Tempo 30 und Klimaschutz dominieren Debatte von vier OB-Kandidaten in Münster

Von "Schnörkellosen" und "Arroganten": Stilfragen bei Podiumsdiskussion mit OB-Kandidaten 1
Mit Platz für einen weiteren Kandidaten diskutierten Hein Götting (v.l.), Lukas Reinhardt, Maria Klein-Schmeink, Jochen Köhnke, Marlene Stiller und Harry Seemann auf Einladung von Greenpeace Münster. Fotograf: Andreas Hasenkamp, Münster.

Münster. Mehr als nur ein bisschen Kontrast entlud sich am Dienstag  bei der umweltpolitischen Podiumsdiskussion mit den OB-Kandidaten Jochen Köhnke (SPD), Maria Klein-Schmeink (Bündnis90/Die Grünen), Hein Götting (FDP) und Harry Seemann (unabhängig) im Hörsaal in der Johannisstraße 4.Mehrfach preschte Klein-Schmeink vor gut 60 Gästen voran, um zuerst zu antworten, wies selbstbewusst darauf hin, die Geeignetste zu sein – das störte Köhnke, die anderen   ließen das nicht spüren – vielleicht doch „Außenseiter“?

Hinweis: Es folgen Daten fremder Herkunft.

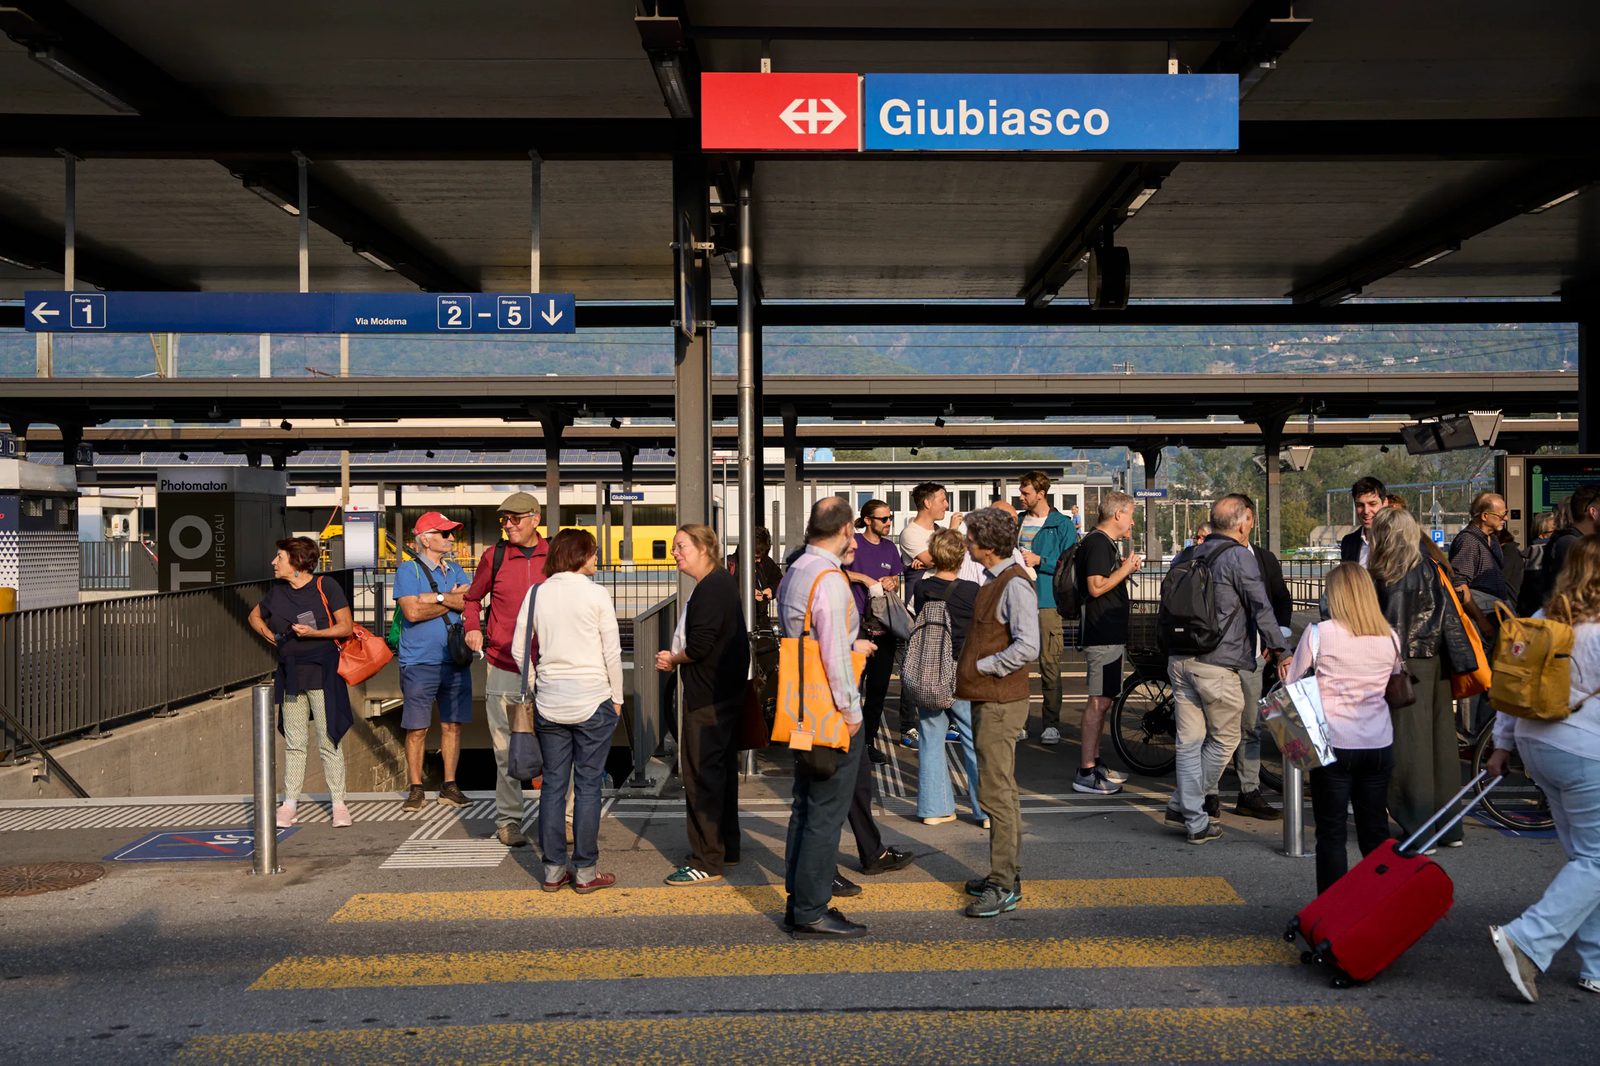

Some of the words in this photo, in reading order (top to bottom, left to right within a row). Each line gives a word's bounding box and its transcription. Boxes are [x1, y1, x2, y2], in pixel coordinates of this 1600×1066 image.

[879, 98, 1110, 136] Giubiasco
[82, 304, 92, 324] 1
[355, 317, 369, 326] Via
[370, 317, 407, 326] Moderna
[447, 305, 462, 325] 2
[507, 306, 522, 326] 5
[9, 441, 15, 454] D
[160, 479, 228, 491] Photomaton
[214, 514, 226, 568] UFFICIALI
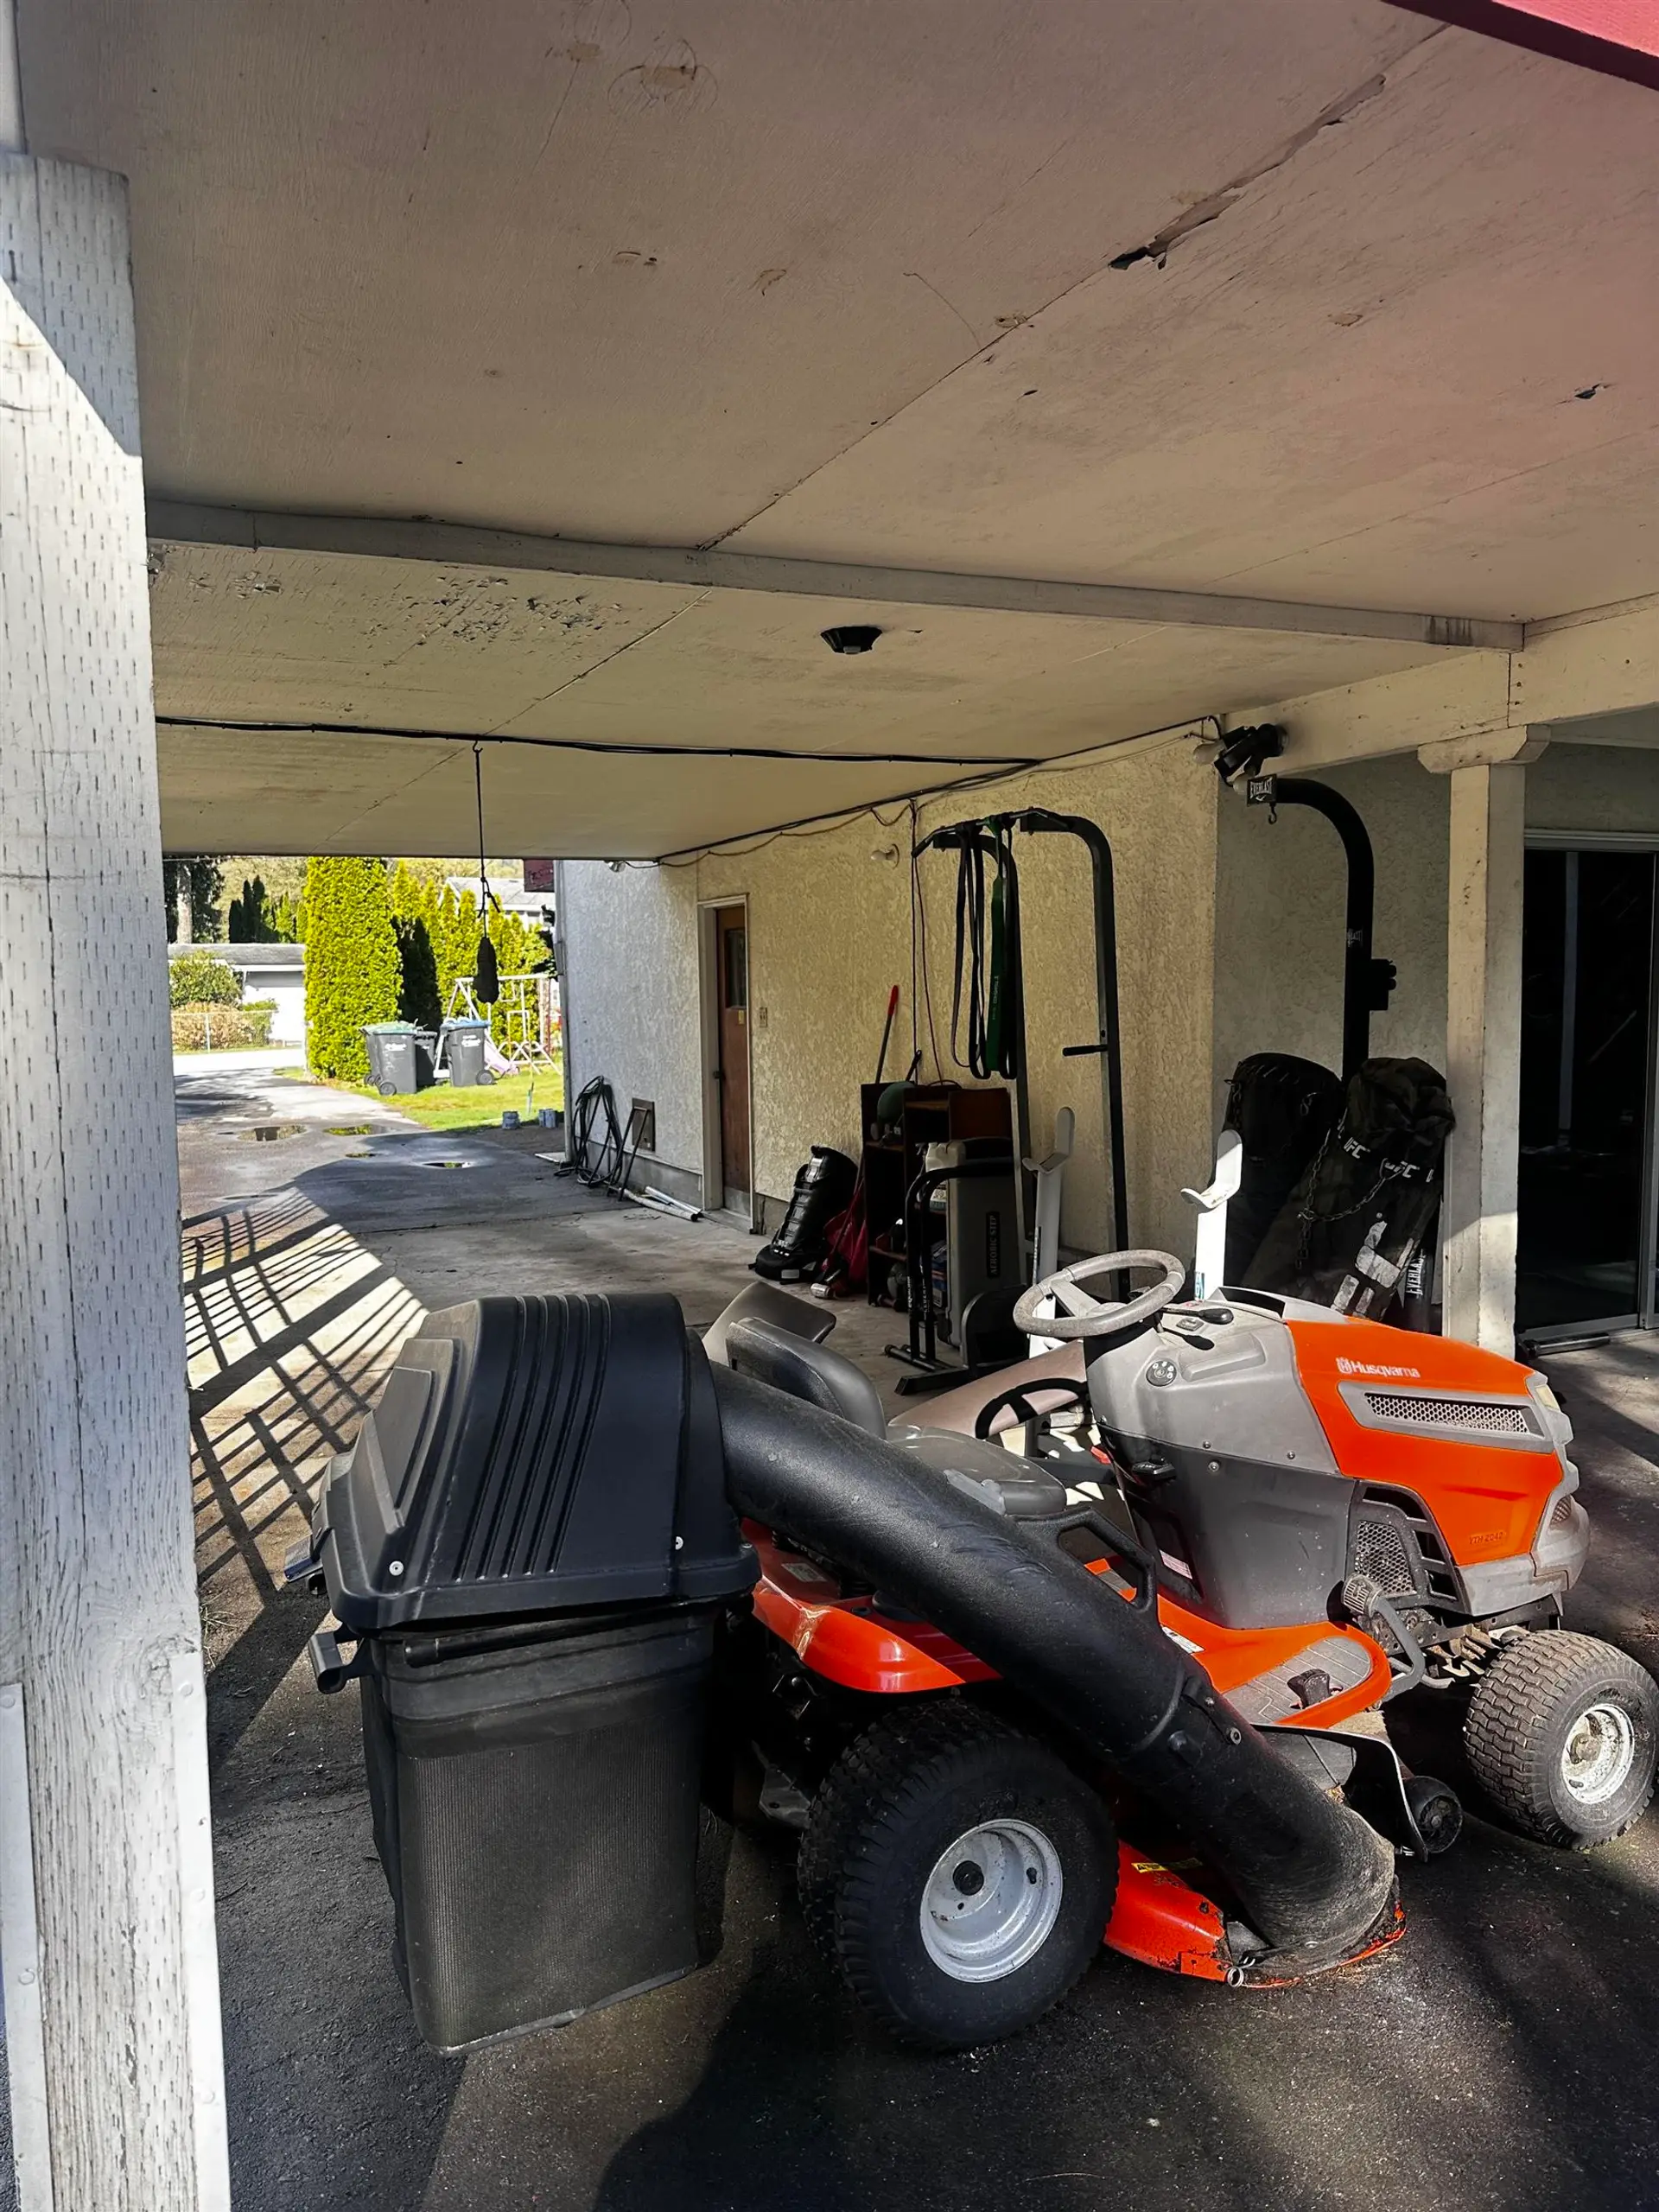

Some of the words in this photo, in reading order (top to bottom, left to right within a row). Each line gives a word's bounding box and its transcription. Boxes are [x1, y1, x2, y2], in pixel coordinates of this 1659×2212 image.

[1249, 777, 1273, 799] EVERLAST
[1344, 1137, 1368, 1159] UFC
[1351, 1360, 1421, 1378] Husqvarna
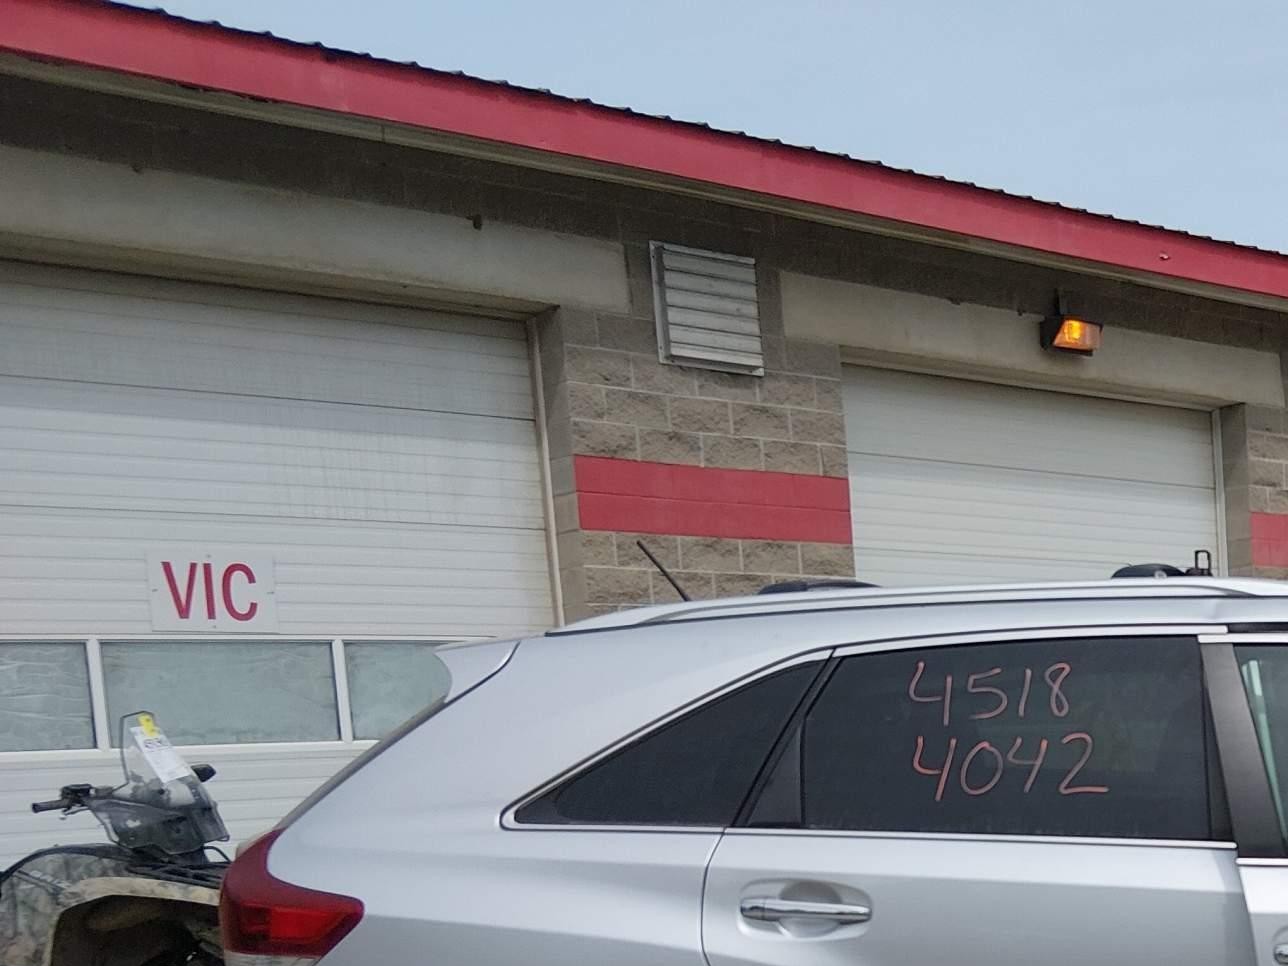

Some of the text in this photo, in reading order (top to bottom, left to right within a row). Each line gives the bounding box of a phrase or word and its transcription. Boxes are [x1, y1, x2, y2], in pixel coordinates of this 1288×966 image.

[160, 561, 258, 621] VIC
[908, 661, 1072, 726] 4518
[912, 732, 1110, 801] 4042

Bei der Frage nach flächendeckendem Tempo 30 kollidierte Rot-Grün erneut: „Auch alles Quatsch“ sei Köhnkes Argument mit langen Fahrzeiten etwa der Feuerwehr. „Wieso Tempo 30?“, fragte Seemann; Köhnke und Götting befürworten es für Wohngebiete und Gefahrenpunkte. Klein-Schmeink berief sich „auf die Polizei“, Köhnke auf die Feuerwehr.

Grüne Kandidatin prophezeit Ende des FMO in Podiumsdiskussion

„Dann frage ich mich, woher wir unseren Titel Klimaschutz-Stadt haben?“, sagte Klein-Schmeink mit Blick auf Recklinghausen und Saerbeck und „viele Schulen mit Einfach-Verglasung“ in Münster. Münster solle für Windenergie Nutzungsflächen ausweisen.  Nur „nach und nach“ sei der Klimaschutz umzusetzen, so Götting, „es geht  natürlich nicht gegen den Willen der Bürger in dieser Stadt“. Im Sinn hatte er steigende Kosten für Häuslebauer und bezahlbaren Wohnraum. Münster sei im Klimaschutz „noch lange nicht am Ende, aber auf einem guten Weg“. Köhnke befürwortete, auch mal ein Stockwerk höher zu bauen, das sei architektonisch anspruchsvoll möglich.

FMO kurz vor dem Ende ohne Betriebskonzept?

Soll die Stadt Münster sich weiter am FMO beteiligen? Nein, so Seemann. Könne kein„kein vernünftiges Betriebskonzept gefunden werden, sollte man aussteigen. Ich glaube, das wird bald der Fall sein“. Die anderen zwei sprachen sich für weitere Beteiligung aus; Köhnke für einen Rollenwechsel: der FMO solle „Cargo-Flughafen für die Region“ werden.
Weitere Themen waren die städtische Unterstützung für die Initiative „Münster isst veggie“ und ökologische Anlagestrategien.
Die Moderatoren  Lukas Reinhardt und Marlene Stiller vom Veranstalter Greenpeace waren „positiv überrascht“, so Reinhardt, und auch „mit den Statements der Kandidaten zufrieden“.